En el seno de la «división del trabajo», como ellos mismos decían, que se instauró entre Marx y Engels durante el período de elaboración de sus grandes obras, el primero retomó la parte de la «crítica de la economía política», y, de hecho, la exclusiva redacción de El Capital, el segundo se consagró literalmente a los más diversos temas, de la filosofía, particularmente la dialéctica y el materialismo (Anti-Dühring), a la física y la historia de las Ciencias (Dialéctica de la naturaleza), pasando por la antropología y la teoría del estado (El origen de la familia, de la propiedad privada y del Estado) o el análisis de la religión (Urchistentum) entre otros, sin omitir su excepcional competencia en los temas militares, que le valió muy pronto entre sus familiares el sobrenombre de «General». Después de 1883, Engels no sólo se consagra a la puesta a punto de los grandes manuscritos, entre ellos El Capital, además reedita y sobre todo reactualiza sus obras anteriores así como las de Marx, entregándose a las críticas y autocríticas que el cambio de coyuntura hacía necesarias a su entender. A través de la Segunda Internacional se convierte en consejero del movimiento obrero, difundiendo y popularizando la doctrina, publicando especialmente, en folletín, en la prensa socialdemócrata alemana su Ludwig Feuerbach y el fin de la filosofía clásica alemana acompañado de las célebres Tesis sobre Feuerbach de Marx, que permanecían hasta entonces inéditas. Rectifica malentendidos y contradicciones (Cartas a Bloch, Schmidt, Borgius, etc). Permanece atento a todas las situaciones nacionales (La cuestión  campesina, Cuestión de la vivienda, Correspondencia con los italianos, españoles o rusos…). Contribuye en todos los lugares a la formación de los grupos dirigentes (Kautsky, Labriola, Plejanov, Lafargue…), ayudado en esta tarea por su extenso conocimiento de otras lenguas, pues dominaba una docena (entre otras el alemán, el francés, el italiano, el español, las lenguas escandinavas, el ruso, el polaco, el rumano, el turco, el persa) y comprendía una veintena. Hasta su desaparición, infatigablemente, explica, completa, interviene sobre todos los temas en debate, teóricos y políticos, preocupado especialmente en percibir, en un nuevo estadio dela Historia, las estrategias adecuadas (el famoso «testamento» de 1895).

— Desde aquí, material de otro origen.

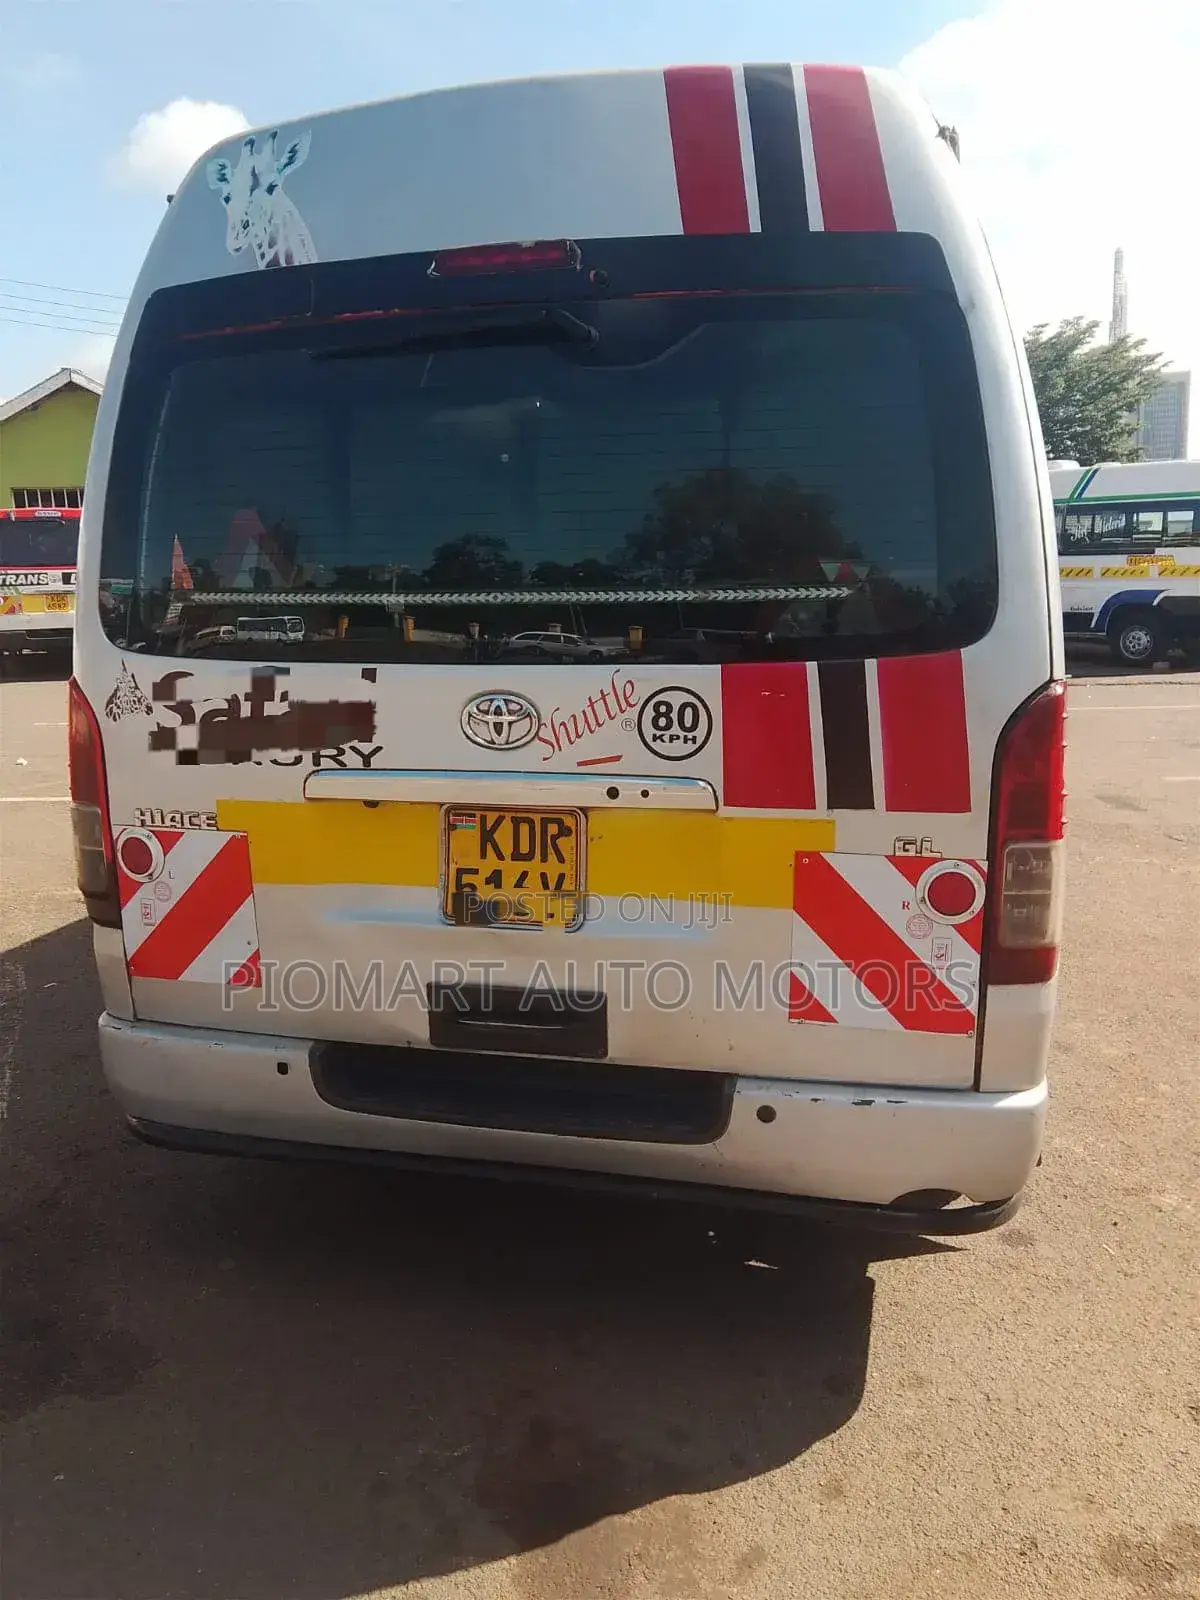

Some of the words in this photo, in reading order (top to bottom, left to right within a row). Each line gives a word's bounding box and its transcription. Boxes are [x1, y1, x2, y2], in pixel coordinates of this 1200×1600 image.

[0, 574, 48, 585] TRANS
[535, 668, 641, 761] Shuttle
[650, 700, 700, 733] 80
[651, 733, 698, 745] KPH
[133, 808, 218, 831] HIACE
[479, 814, 567, 864] KDR

El lugar y el papel jugado por Engels es objeto de numerosos debates

El «engelsianismo» señalaría las perversiones que Engels habría, antes que otros, inflingido al marxismo. Y primeramente a Marx pues habría sido el genio perverso, que le empuja al comunismo y al materialismo, que habría fusionado antes que él, haciendo girar hacia la economía a un brillante doctor en filosofía. Lenin comenta que, desde finales del último siglo, V. Tchernov «comenzó el asalto en la tentativa de oponer a Marx y a Engels, este último era acusado de profesar un «materialismo ingenuamente dogmático» y el «dogmatismo materialista más grosero». Y, desde entonces, son agravios que no han dejado de dirigirse a Engels haciéndole culpable de las derivas cientificistas, metafísicas, economicistas o mecanicistas cuando no se le imputaba la «fabricación» misma del marxismo. M. Rubel sospecha por este motivo y transforma el plan de los tomos II y III de El Capital; L. Colleti denuncia su hegelianismo arcaico y su darwinisino primario; M. Henry le elimina de su importante obra sobre Marx, juzgándole de una «vulgaridad lastimosa». Del surgimiento, hace algunos decenios, de la problemática del «joven Marx» al estalinismo y a la crisis del marxismo, Engels ha servido a menudo de chivo expiatorio a los ojos de todos los críticos, bien o malintencionados, que rechazaban en atribuir a Marx las sombras de un cuadro del que se recordaba oportunamente que él no había pintado solo. En contraste, tal o cual defensa oscura y ciegamente apologética no hacia más que confirmar las sospechas del desviacionismo engelsiano. La historia del Marxismo, de sus contradicciones propias y ajenas, de las apuestas prestadas y de las constituyentes, está en cuestión. Es necesario considerar el hecho incontestable de que es por la lectura de Engels (las tiradas internacionales más numerosas corresponden al Anti-Dühring y a Ludwig Feuerbach) antes que por la de Marx por lo que el marxismo ha sido conocido y se ha expandido, convendría reflexionar, de una parte sobre ciertos efectos teóricos tan considerables como el de la «filosofía marxista», de su instauración (Lenin, lector de Engels) como de su institucionalización en el Diamat (Materialismo dialéctico nota del traductor) estaliniano; o incluso de la abrupta ruptura entre ciencia y utopia, por otra parte, de las formas y modos de la recepción de la obra de Engels, según los diversos contextos nacionales del movimiento obrero y comunista.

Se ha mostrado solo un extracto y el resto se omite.